Prerequisites
- 64-bit desktops or laptops
- Ubuntu 16.04
- Tensorflow official, Keras official
See here about the requirements.
Python3.5 or 3.6
We will use Python3.5. Why? Because it is the easiest. Python3.5 is pre-installed by default. Check what version of python is in your ubuntu:
$ python3.5 --version
Python 3.5.2
Also check pip too:
$ sudo python3.5 -m pip install --upgrade pip
$ sudo python3.5 -m pip --version
pip 10.0.1 from /usr/local/lib/python3.5/dist-packages/pip (python 3.5)
Maybe python3.6 is pre-installed in Ubuntu18. Python3.6 is also ok.
Install Tensorflow and Keras
You DO have Nvidia GPU?
If you have Nvidia GPU, you can use tensorflow GPU version. GPU version is much faster than the CPU version. If you don't have Nvidia GPU, install the CPU version (which is described below.) Cuda and cuDNN are not necessary for CPU version.
Although there are some bugs related to Nvidia GPU driver in Ubuntu...(like nomodeset things) You can google with "Ubuntu nomodeset nvidia" to see what the bug is. To install Nvidia driver in Ubuntu, you need to add nomodeset option in the boot option (otherwise ubuntu is not booting with Nvidia card), and after that, install a proper driver, then re-boot ubuntu.
Maybe you can see here for how to install Ubuntu along with Nvidia GPU driver.
Cuda9.0
To use Nvidia GPU for tensorflow, you need Cuda9.0. Other versions of Cuda can not be used.So we will download & install Cuda9.0 from the official website. Don't install Cuda9.1 because it can not be used for Tensorflow. Always check the requirement on the website of Tensorflow.
Follow their guidance to install it.
If you use deb file, maybe you need to install it like this:
$ sudo apt-get install cuda-9.0
cuDNNv7.0
Also you need cuDNN v7.0. Other versions can not be used, so don't download v7.1. Download it from here: https://developer.nvidia.com/rdp/cudnn-archive
Tensorflow-gpu
Install as follows:
$ sudo python3.5 -m pip install tensorflow-gpu
And install Keras also:
$ sudo python3.5 -m pip install keras
You DON'T have GPU?
If you don't have Nvidia GPU, we need to use CPU version of Tensorflow. We will install Tensorflow CPU version and Keras with pip. Please make sure you are using Python3's pip. You can check which pip is being used by "pip --version". Run the following command to install Tensorflow on command prompt or powershell:
$ sudo python3.5 -m pip install tensorflow
And install Keras also:
$ sudo python3.5 -m pip install keras
Other modules
Install other necessary modules with pip:
$ sudo python3.5 -m pip install matplotlib
$ sudo python3.5 -m pip install h5py
$ sudo python3.5 -m pip install numpy
Try first machine learning
Now we will run machine learning scripts. Save the following as "test.py":
#!/usr/bin/env python
# -*- coding: UTF-8 -*-
from keras.datasets import mnist
from keras.models import Sequential
from keras.layers.core import Dense, Activation
from keras.utils import np_utils
# Get the default MNIST data
(X_train, y_train), (X_test, y_test) = mnist.load_data()

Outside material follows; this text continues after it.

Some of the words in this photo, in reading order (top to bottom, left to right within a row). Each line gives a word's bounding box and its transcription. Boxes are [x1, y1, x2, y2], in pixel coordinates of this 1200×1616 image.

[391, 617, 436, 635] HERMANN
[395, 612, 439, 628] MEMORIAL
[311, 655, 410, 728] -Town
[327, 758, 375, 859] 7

X_train = X_train.reshape(60000, 784) / 255
X_test = X_test.reshape(10000, 784) / 255
y_train = np_utils.to_categorical(y_train)

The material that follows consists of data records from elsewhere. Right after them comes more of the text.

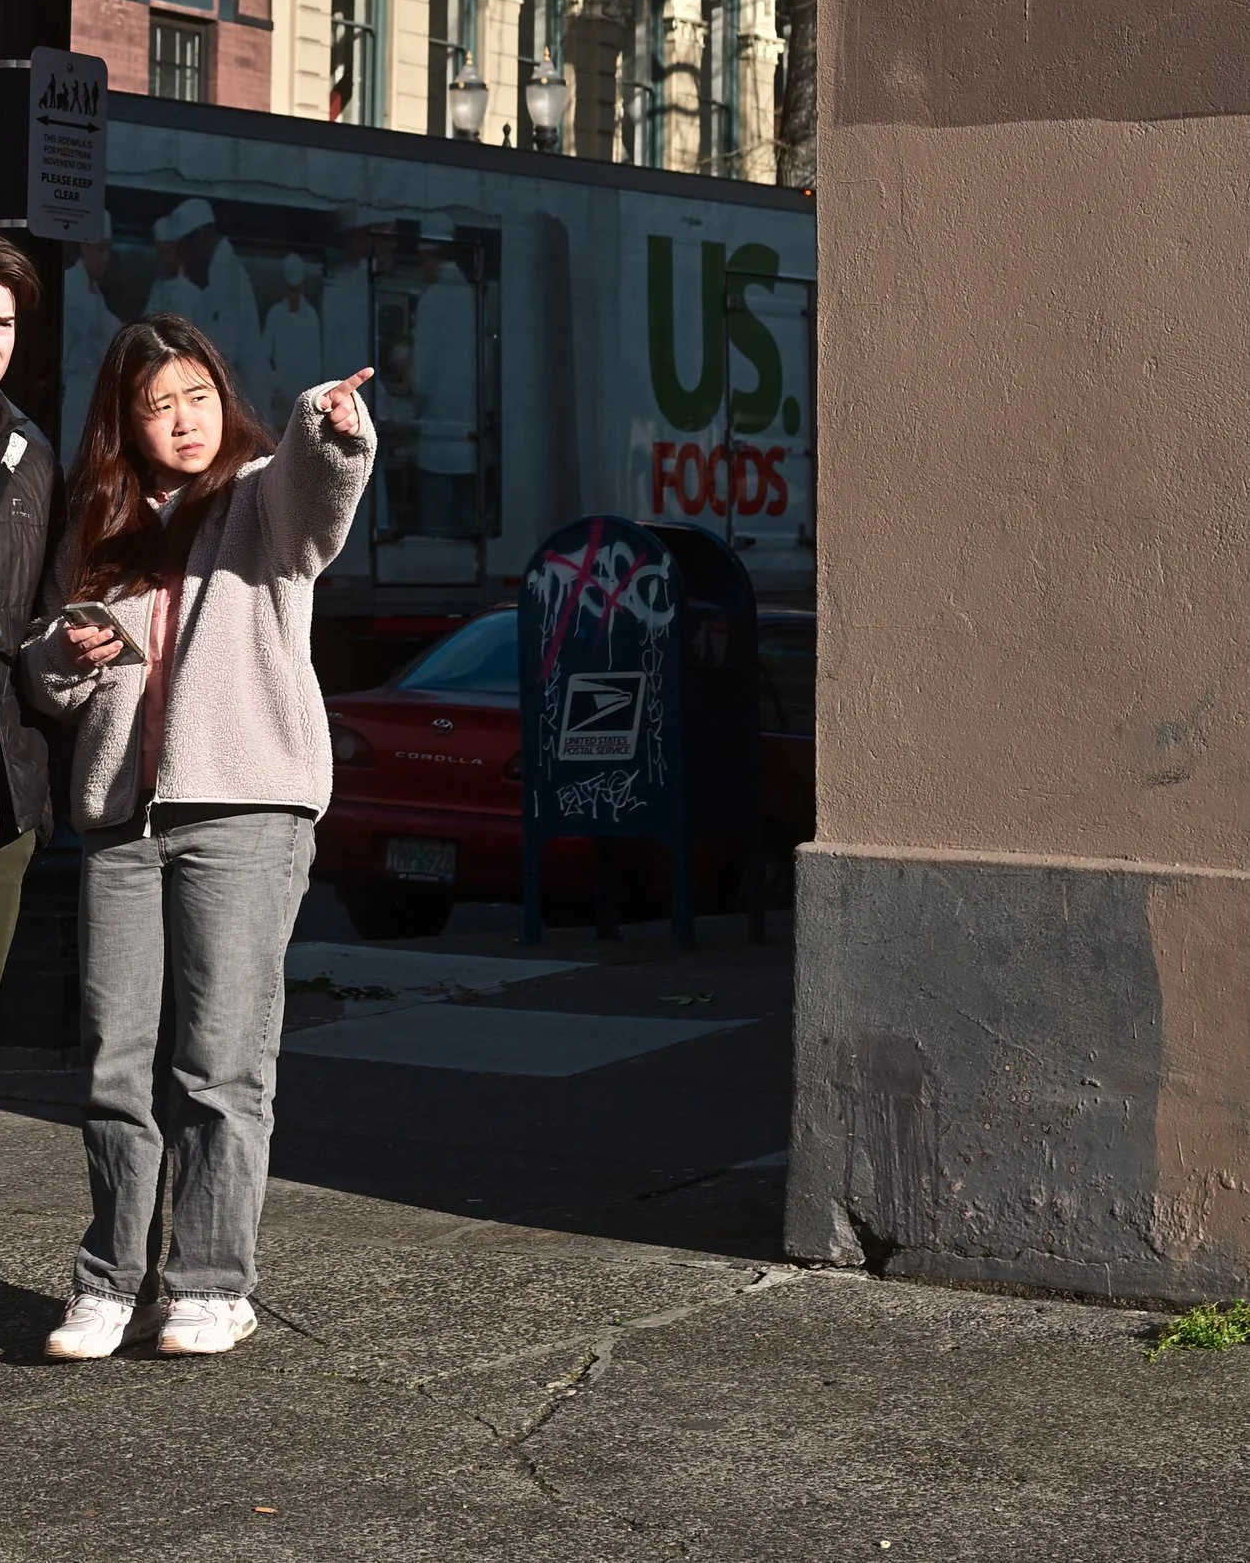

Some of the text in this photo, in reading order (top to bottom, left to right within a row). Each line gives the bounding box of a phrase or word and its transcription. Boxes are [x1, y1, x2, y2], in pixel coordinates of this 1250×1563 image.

[41, 172, 93, 189] PLEASE KEEP
[53, 189, 80, 202] CLEAR
[652, 441, 789, 518] FOODS
[565, 736, 628, 746] UNITED STATES
[563, 745, 630, 756] POSTAL SERVICE
[395, 751, 483, 766] COROLLA
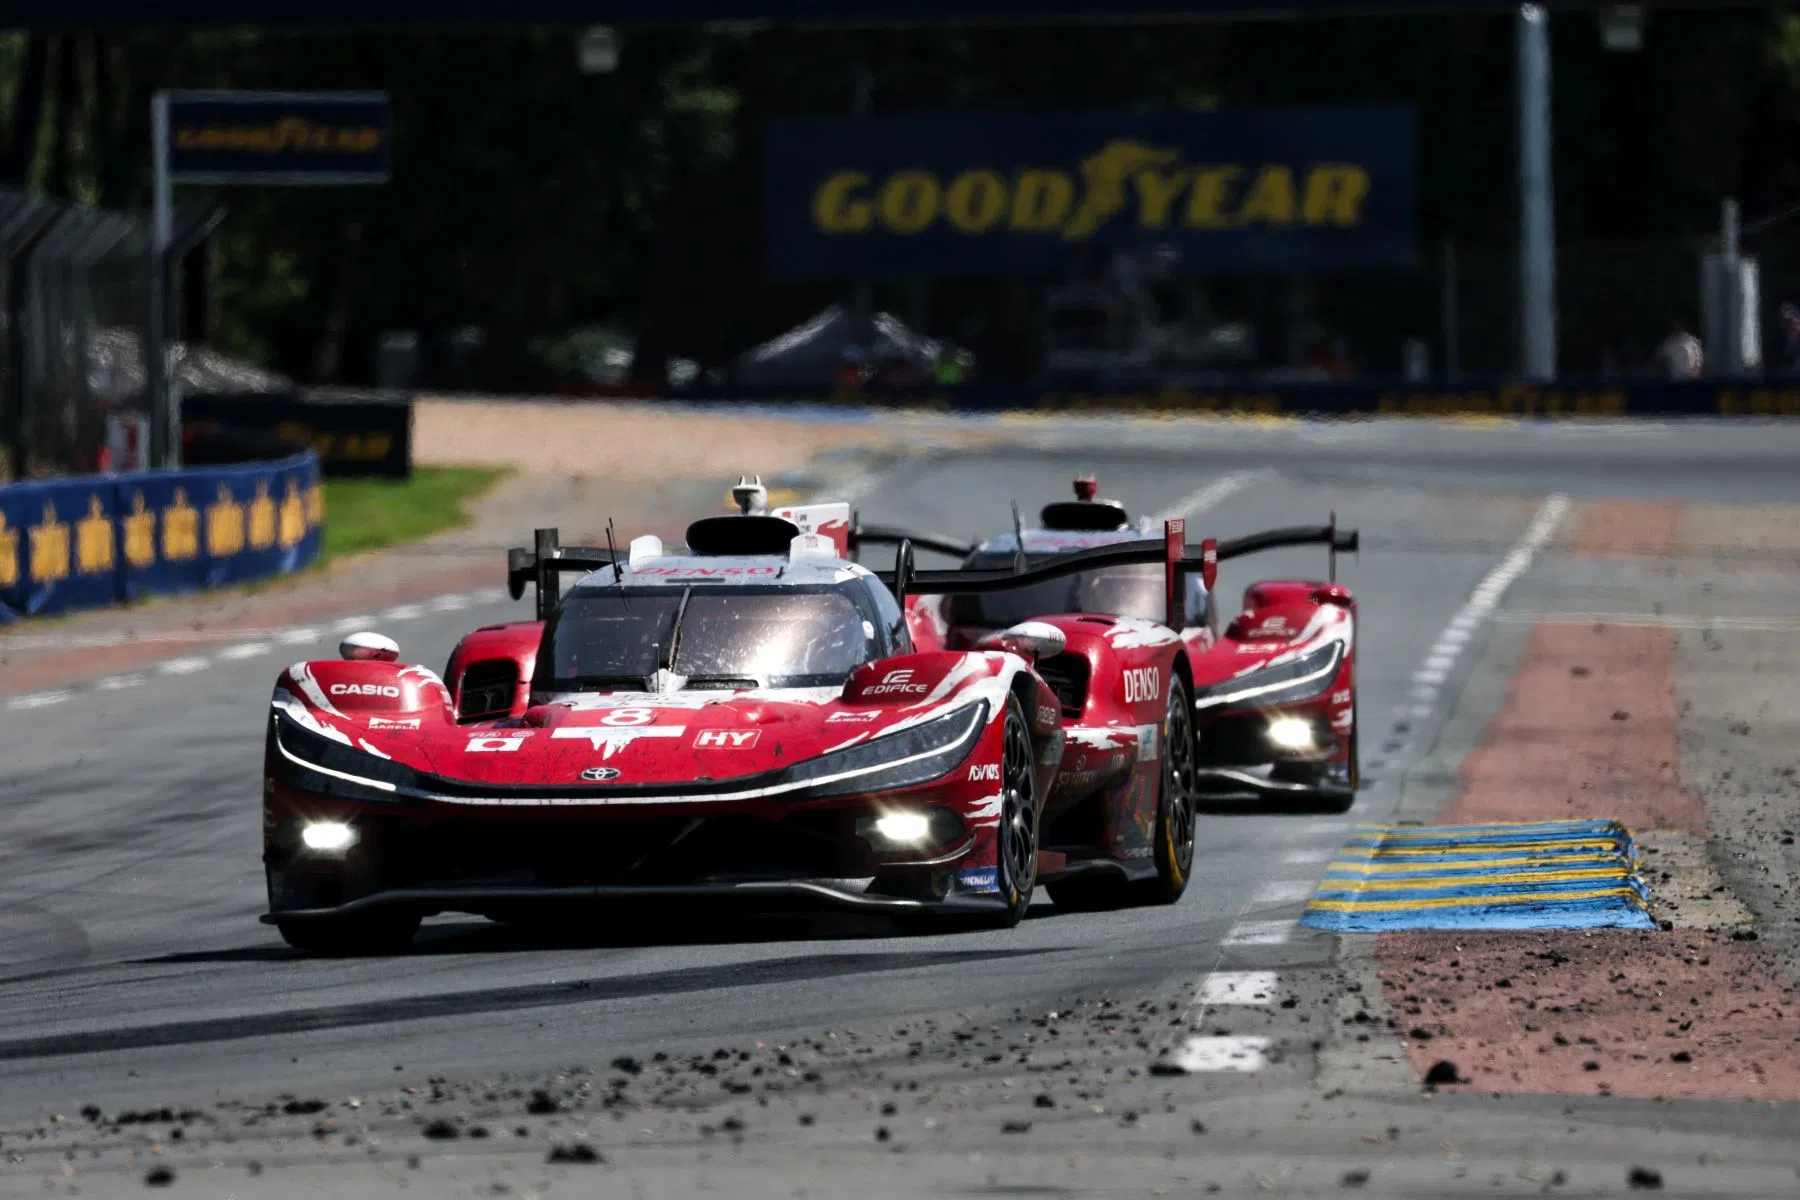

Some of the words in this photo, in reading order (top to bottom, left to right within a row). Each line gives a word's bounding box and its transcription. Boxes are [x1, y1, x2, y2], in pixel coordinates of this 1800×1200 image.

[811, 139, 1371, 241] GOODYEAR
[633, 566, 774, 576] DENSO
[330, 683, 400, 698] CASIO
[861, 682, 928, 696] EDIFICE
[1123, 666, 1160, 703] DENSO
[600, 707, 653, 726] 8
[697, 731, 757, 746] HY

y_test = np_utils.to_categorical(y_test)
# Network
model = Sequential([
Dense(512, input_shape=(784,)),
Activation('sigmoid'),
Dense(10),
Activation('softmax')
])
# Compile
model.compile(loss='categorical_crossentropy', optimizer='sgd', metrics=['accuracy'])
# Learning
model.fit(X_train, y_train, batch_size=200, verbose=1, epochs=20, validation_split=0.1)
# Forecast
score = model.evaluate(X_test, y_test, verbose=1)

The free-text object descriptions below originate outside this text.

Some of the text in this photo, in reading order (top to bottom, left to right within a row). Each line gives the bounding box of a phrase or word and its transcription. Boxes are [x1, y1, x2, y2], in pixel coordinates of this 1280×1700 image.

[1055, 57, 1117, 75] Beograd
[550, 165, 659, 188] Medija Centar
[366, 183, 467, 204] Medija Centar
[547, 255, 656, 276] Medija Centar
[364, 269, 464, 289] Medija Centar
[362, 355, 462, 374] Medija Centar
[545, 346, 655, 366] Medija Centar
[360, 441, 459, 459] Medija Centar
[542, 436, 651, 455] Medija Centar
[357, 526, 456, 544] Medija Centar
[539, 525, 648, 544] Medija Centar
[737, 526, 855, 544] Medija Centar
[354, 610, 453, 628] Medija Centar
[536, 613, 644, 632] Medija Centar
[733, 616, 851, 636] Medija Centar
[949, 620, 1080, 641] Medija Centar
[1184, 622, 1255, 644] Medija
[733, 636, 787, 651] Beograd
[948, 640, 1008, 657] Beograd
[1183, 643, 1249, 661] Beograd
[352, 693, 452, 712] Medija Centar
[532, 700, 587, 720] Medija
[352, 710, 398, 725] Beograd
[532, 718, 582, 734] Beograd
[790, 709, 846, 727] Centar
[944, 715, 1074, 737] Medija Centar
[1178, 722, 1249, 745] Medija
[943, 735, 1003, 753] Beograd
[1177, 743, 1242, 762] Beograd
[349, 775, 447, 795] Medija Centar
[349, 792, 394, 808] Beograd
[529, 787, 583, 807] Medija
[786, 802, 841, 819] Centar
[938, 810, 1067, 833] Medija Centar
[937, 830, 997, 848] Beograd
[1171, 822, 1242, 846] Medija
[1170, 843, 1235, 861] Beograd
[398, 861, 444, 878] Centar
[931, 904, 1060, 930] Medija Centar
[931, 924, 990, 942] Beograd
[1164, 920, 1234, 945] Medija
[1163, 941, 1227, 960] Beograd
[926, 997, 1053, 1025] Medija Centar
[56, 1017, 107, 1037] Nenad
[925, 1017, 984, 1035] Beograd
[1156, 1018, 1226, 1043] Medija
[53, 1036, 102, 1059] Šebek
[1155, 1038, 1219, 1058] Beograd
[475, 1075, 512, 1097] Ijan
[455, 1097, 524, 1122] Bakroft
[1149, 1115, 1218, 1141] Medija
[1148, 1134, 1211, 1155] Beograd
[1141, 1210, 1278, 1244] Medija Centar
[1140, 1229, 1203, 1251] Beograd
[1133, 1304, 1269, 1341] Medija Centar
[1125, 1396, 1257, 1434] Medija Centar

print('test accuracy : ', score[1])
On the command prompt or powershell, move to the directory and run the script:
$ python3.5 test.py
Then the machine learning (deep learning) will be started:
It is classifying handwritten digit images. The accuracy is 88.85%. Great!
Other scripts of machine learning?
You can find more examples on the github page of keras-team.